We must treat cyber wars the same as we treat conventional military encounters

Strategic Insight 004/2023

David J.Hickton

09 March 2023

We must treat cyber wars the same as we treat conventional military encounters

Pictures and videos emanating from Ukraine show the widespread destruction wrought by Russian troops during a year-long war that continuously generates news coverage. But there is another side to this conflict that is lesser known and harder to see.

A parallel war has been running alongside Russia’s conventional ground invasion, one that involves unrelenting cyber attacks across various segments of Ukrainian society, if with less success than many experts initially anticipated. Mixed results aside, this cyber warfare at times has been significant enough that lines are being blurred between where cyber attacks stop and conventional warfare begins.

Since the start of the invasion in late February 2022, Russian actors have attacked Ukraine with two primary goals: to damage critical infrastructure and to exfiltrate or destroy data. According to Ukraine’s Computer Emergency Response Team, more than 2,000 cyber attacks plagued Ukraine in 2022 alone. Taking it a step further, at least eight different forms of malware have been used by Russian saboteurs in the past year, according to Microsoft, 40 percent of which were targeted at “critical infrastructure sectors.” Other targets included Ukrainian government websites, financial institutions, energy and communication service providers, and media outlets.

Russia’s intense use of cyber attacks in Ukraine predates its ground invasion by at least eight years. When Russia invaded the Crimean Peninsula in 2014, suspected Russian hackers knocked out power to 230,000 customers in western Ukraine. Two years later, suspected Russian hackers used malware to disrupt Ukrainian airports, railways and banks. One month before its ground invasion last February, Russia launched a massive cyber attack targeting government institutions in an attempt to weaken Ukraine’s position ahead of the impending military action.

These types of crimes aren’t unique to Ukraine and exist in the absence of active war. In 2007, hackers attacked Estonia in what is believed to be the first major cyberattack on an entire country, crippling banks, government websites and media companies. Closer to home, a ransomware attack in 2021 disabled the Colonial Pipeline and created fuel shortages for days in the eastern and southern United States. That same year, hackers disabled 80 percent of the information technology infrastructure of Ireland’s health service, drastically disrupting patient care during a global pandemic in the worst known cyberattack on a health system in history.

There is little question that large-scale cyber attacks are only going to increase in frequency and intensity during war times and, as of now, there is little recourse to punish or otherwise deter cyber attacks against civilians during the fog of war. That’s why Ukrainian officials are trying to convince the International Criminal Court (ICC) in The Hague to investigate whether Russia’s cyber attacks could be classified as war crimes. This is the first time a government has made such a request; if the ICC agrees, it could drastically alter how these crimes are prosecuted in the future.
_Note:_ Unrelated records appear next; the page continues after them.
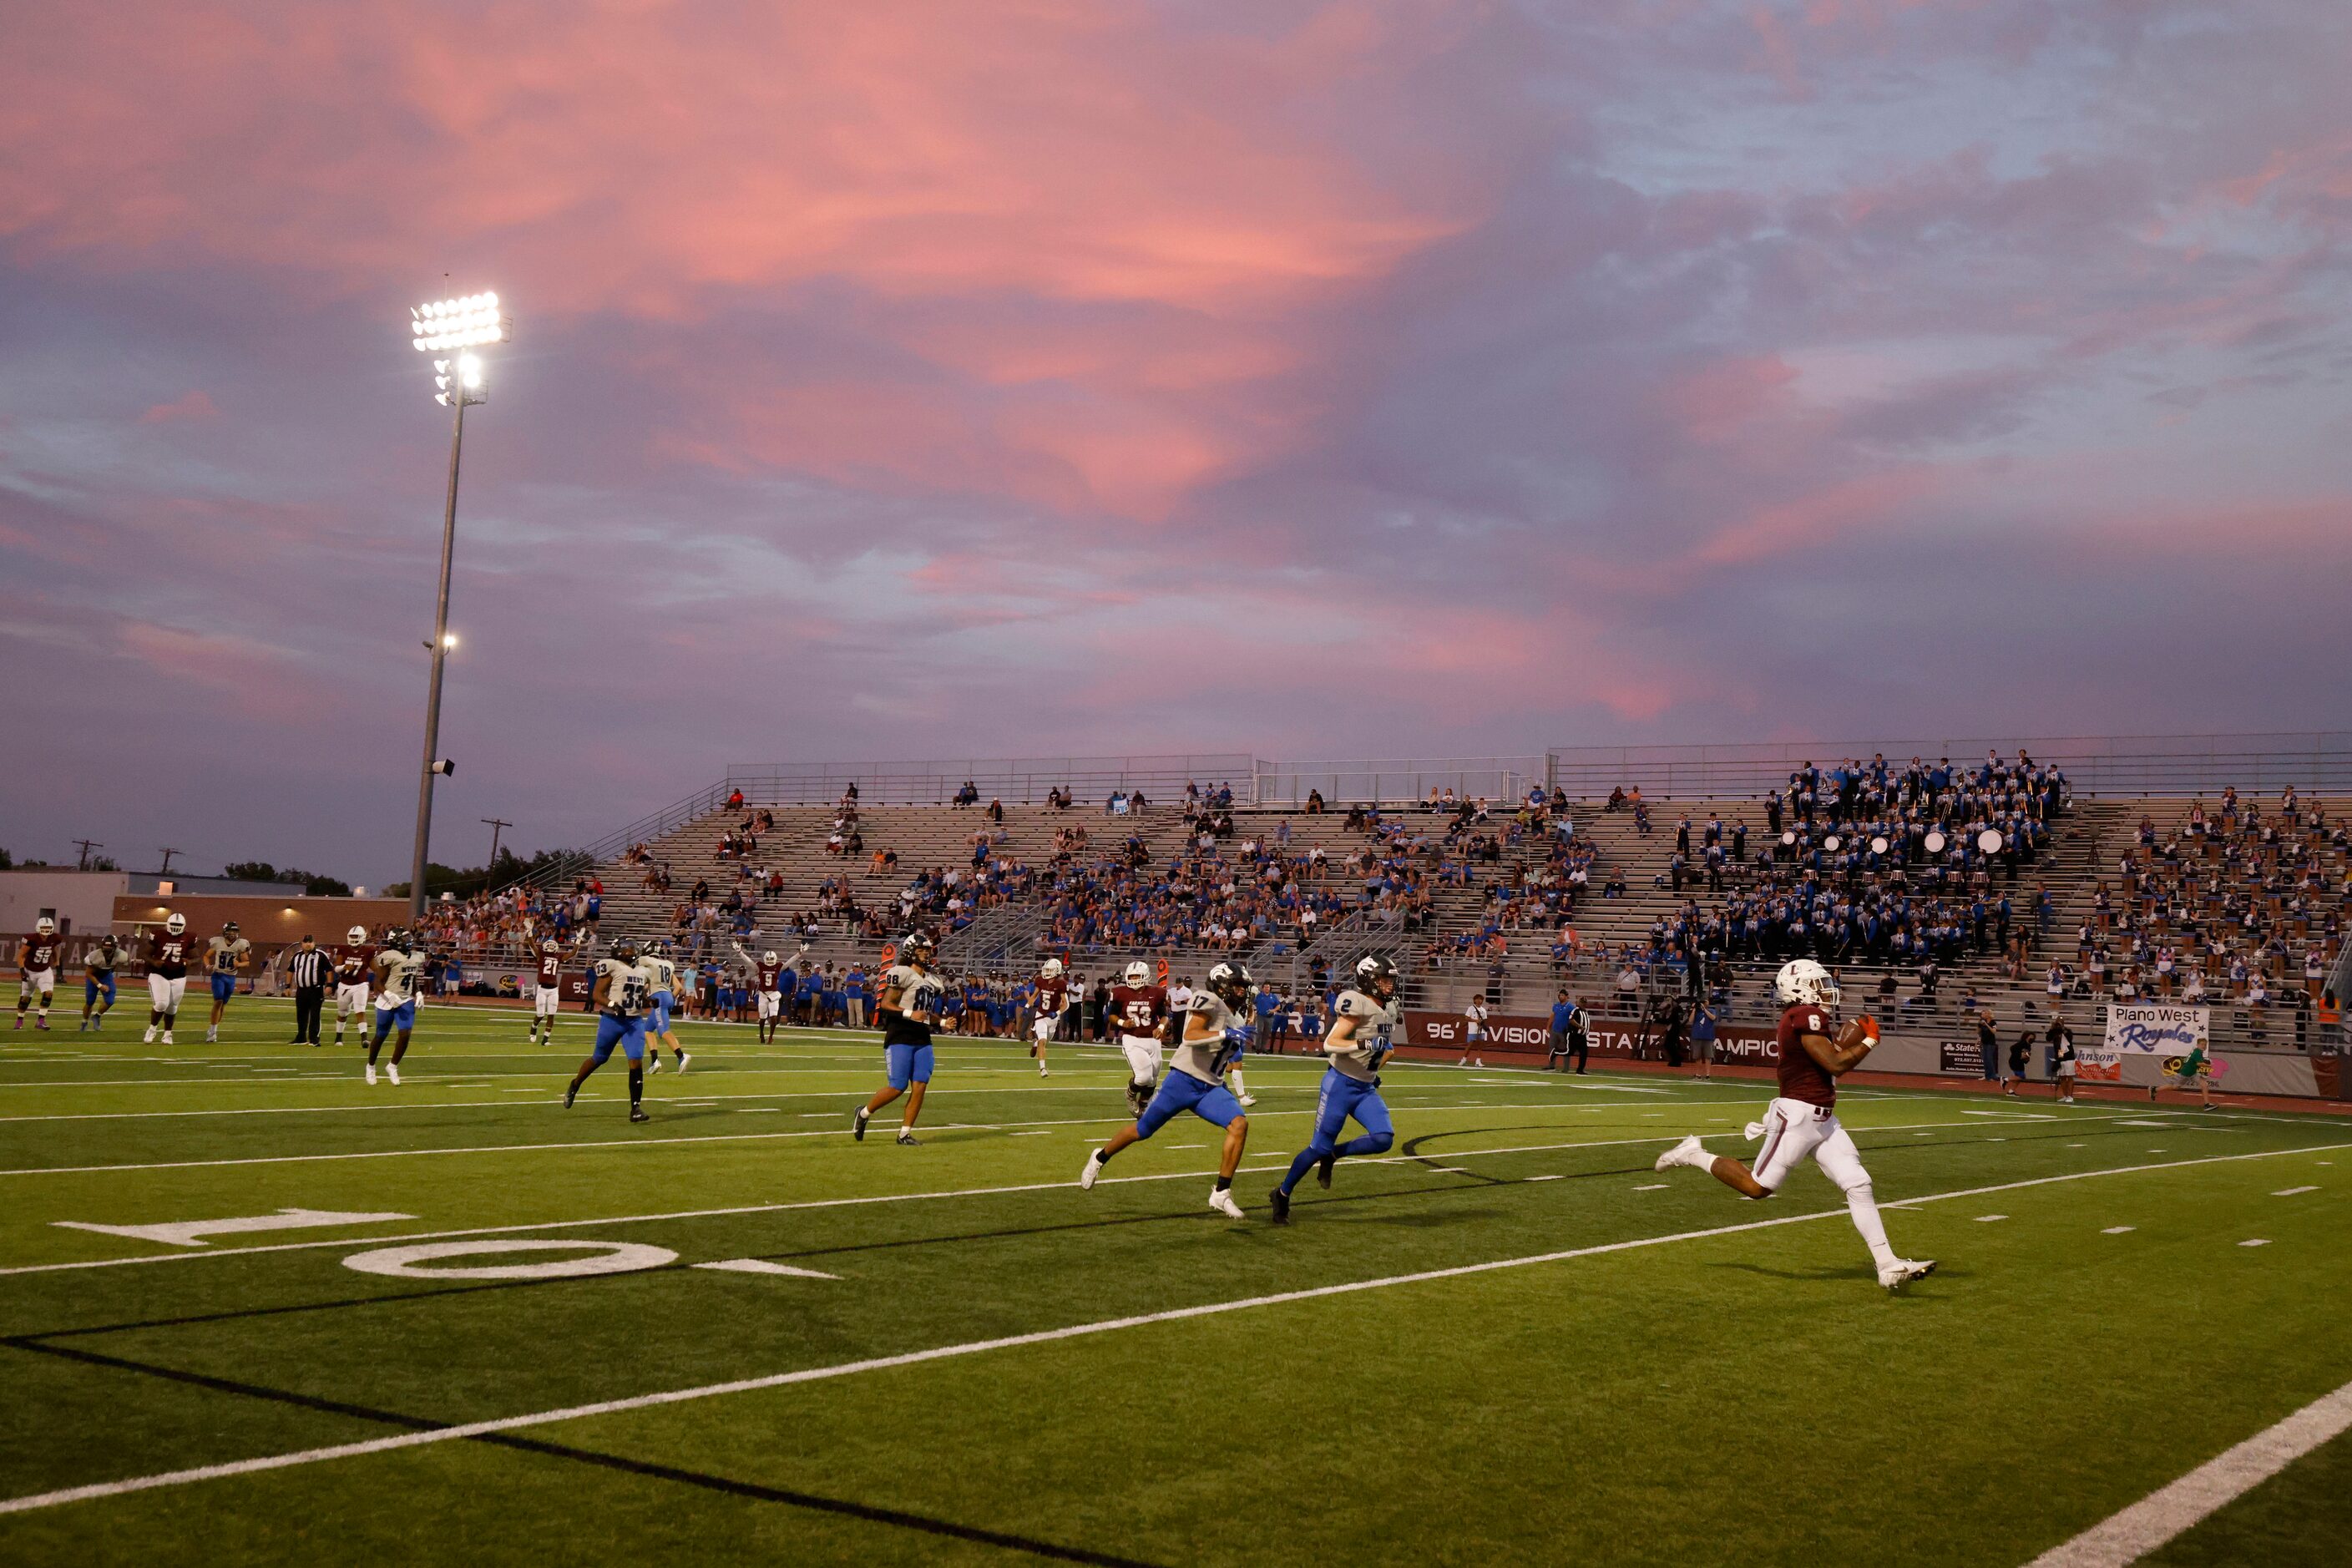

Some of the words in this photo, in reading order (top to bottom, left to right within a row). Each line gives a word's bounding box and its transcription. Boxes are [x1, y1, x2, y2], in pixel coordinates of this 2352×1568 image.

[161, 946, 183, 963] 75
[543, 959, 559, 975] 21
[658, 964, 671, 984] 18
[401, 974, 413, 991] 4
[765, 974, 772, 987] 9
[887, 974, 899, 985] 88
[622, 984, 645, 1009] 33
[1041, 994, 1051, 1010] 5
[1192, 994, 1209, 1009] 17
[1305, 1004, 1315, 1014] 22
[1340, 999, 1352, 1013] 2
[1126, 1006, 1151, 1027] 53
[1808, 1014, 1821, 1031] 6
[2116, 1008, 2155, 1021] Plano
[2158, 1009, 2200, 1023] West
[1427, 1021, 1460, 1039] 96'
[2118, 1022, 2195, 1053] Royales
[1955, 1043, 1975, 1052] State
[2076, 1050, 2114, 1062] hnson
Of course, not every cyber attack that occurs during war should be considered a war crime. Ukrainian chief digital transformation officer Victor Zhora argued that cyber attacks supporting military operations that target critical infrastructure affecting Ukrainian citizens should be investigated by the ICC, pointing to the simultaneous shelling and cyber attack on a large Ukrainian power plant.

Even with that caveat, convincing the ICC to act could be a difficult task. Cyber attacks are not explicitly defined as war crimes under the Geneva Conventions, as digital warfare obviously wasn’t a consideration in 1949 when the conventions were ratified. It’s clear that international law isn’t keeping up with rapid advancements and tactics in modern warfare, and there are no guarantees the ICC will act. What happens if it doesn’t?

Regardless of ICC action, the American government will likely continue to make frequent use of the Computer Fraud and Abuse Act, subject to jurisdiction. In October 2020, for instance, the Department of Justice charged six members of the Russian Sandworm group, which is considered to be responsible for many attacks in Ukraine, with computer fraud and conspiracy. That kind of country-based accountability is encouraging, but it doesn’t replace the need for international legal frameworks to adapt to the changing landscape of war.

Governments across the world must adapt with new sets of rules and accountability measures that reach far beyond physical confrontation. Without proper deterrence, governments are going to continually push the envelope in conducting cyber wars in the shadows.

It’s time to treat cyber wars the same as we treat conventional military encounters: with clear and defined rules of engagement, and stringent penalties for bad actors who purposefully defy those rules. Treating cyber crimes as war crimes is a critical, albeit not the only, step in that process. We need to employ an all-tools approach to facilitate cyber deterrence.

David Hickton is a distinguished fellow at the Azure Forum for Contemporary Security Strategy. He is the founding director of the University of Pittsburgh’s Institute for Cyber Law, Policy, and Security, which hosts the Pittsburgh Task Force on Public Algorithms. He is a former U.S. attorney for the Western District of Pennsylvania.